Does Everett McKinney Survive the Season 1 Finale of ‘Dutton Ranch’? Here’s What Happens
The Season 1 finale of ‘Dutton Ranch,’ titled “El Padrino,” put nearly every character through the wringer, but Everett McKinney made it out alive. The character, played by Ed Harris, actually became something of an unlikely action hero in the episode’s climax. With Everett’s help, Rip and his ranch hands successfully defended the ranch from Mariano’s men during the finale’s tense shootout.
One recap even called Everett the “MVP” of the shootout, noting the irony that he’d just learned he was going to be killing men that same night. Given that Everett is a Vietnam War Navy veteran, the sequence gave the veterinarian a surprising new dimension beyond his usual role tending to sick cattle and quietly nursing old wounds.
The Character Who Didn’t Make It Out Alive
While Everett survived, the finale wasn’t without a major casualty. Dutton Ranch ended with violence and tragedy, and the smart money going into the episode was on Rip killing Rob-Will, played by Jai Courtney. Instead, the death came from within the Jackson family itself.
In the finale, viewers learn that Beulah’s 10 Petal Ranch has been smuggling drugs inside cattle from Mexico for at least fifteen years, a deal she made to escape financial trouble years earlier, and it’s later revealed that Mariano holds serious leverage over Beulah since she killed her rapist, who was also Rob Will’s biological father, when she was very young.

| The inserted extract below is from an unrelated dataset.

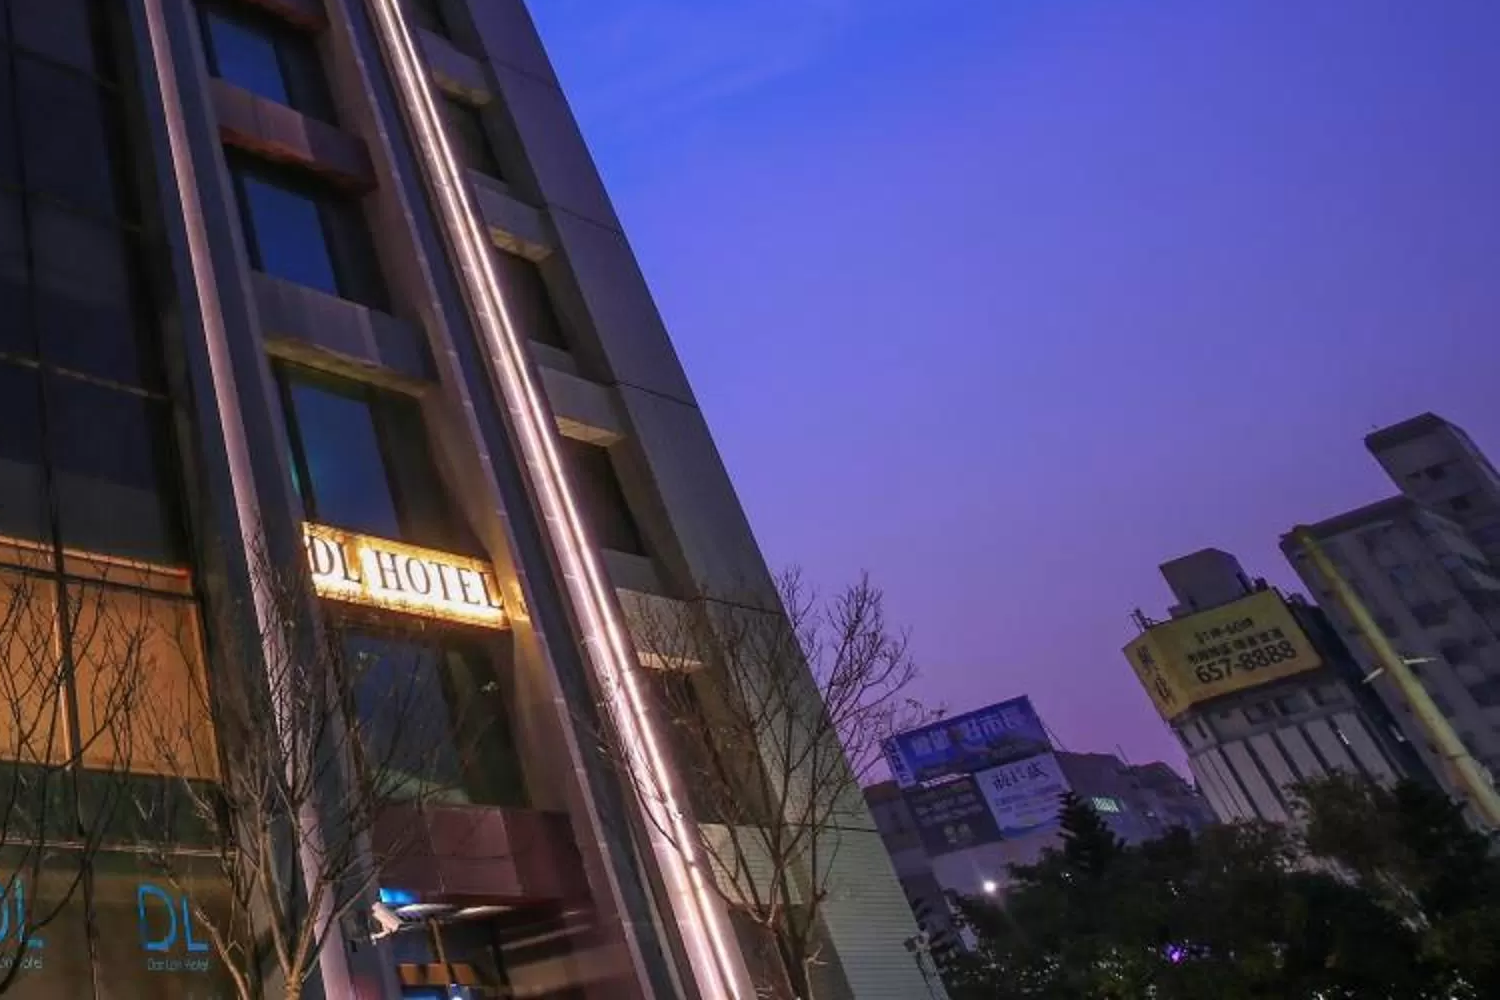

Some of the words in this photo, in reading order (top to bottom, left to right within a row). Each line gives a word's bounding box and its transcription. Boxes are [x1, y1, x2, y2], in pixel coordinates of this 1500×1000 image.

[308, 536, 362, 584] DL
[374, 550, 505, 610] HOTEL
[137, 882, 210, 952] DL

Rob-Will meets his end at the hands of Kino, delivering one last line about how the ranch “eats what it loves and keeps the bones” before he’s killed off.
Everett’s Emotional Arc Adds Weight to the Finale
Everett’s survival matters even more given the emotional groundwork laid earlier in the season. Episode 4 revealed that Everett has spent years hiding the tragedy of losing his son, Levi, a wound he confided about to Beulah during an emotional conversation. That backstory turned Everett into one of the show’s most quietly devastating characters, and it’s part of why fans have grown so attached to him.
In one especially telling finale moment, Beth asked Everett if he ever gets the feeling that the world is going to open up and swallow everything he loves, while cleaning blood off their patio. It’s a small exchange, but it speaks to how deeply Everett has been folded into the Dutton family’s orbit despite being an outsider to their world of chaos.
The finale also revealed that Beulah confessed her past to her lover Everett, including the traumatic story of Rob-Will’s conception, and told Everett, Beth, and Rip the truth about her fentanyl smuggling ties to Joaquin’s father, Mariano. That confession puts Everett in an emotionally complicated position going into Season 2, now that he knows exactly what kind of family he’s fallen in with.
What’s Next for Everett in ‘Dutton Ranch’ Season 2
The good news for fans of Ed Harris’s performance is that Everett isn’t just surviving, he’s about to become far more central to the story. Reilly and Hauser told TV Insider that Season 2 is going to feature a lot more of Harris, with Beth, Rip, Beulah, and Everett all sharing equal importance in the story as they work together to save Beth and Rip’s son.
Reilly even said she thinks Season 2 will feel much more like Ed’s show, adding that Dutton Ranch has four, maybe five lead characters now, and that Annette Bening and Ed Harris made the series feel legitimate rather than just a “soapy spinoff.” That’s a massive vote of confidence for a character who started the season as a quiet small town veterinarian.
Season 2 is currently in preproduction with new showrunner Benjamin Cavell taking over, and a release sometime in 2027 or possibly 2028 is considered likely. Whatever the timeline, Everett’s expanded role means his grief over Levi, his romance with Beulah, and his newfound willingness to pick up a gun for the Duttons are all going to matter a lot more before this story is done.
So Everett McKinney is safe for now, but with a cartel out for blood and Carter still missing, do you think his tire swing memories of Levi are setting him up for even more heartbreak in Season 2?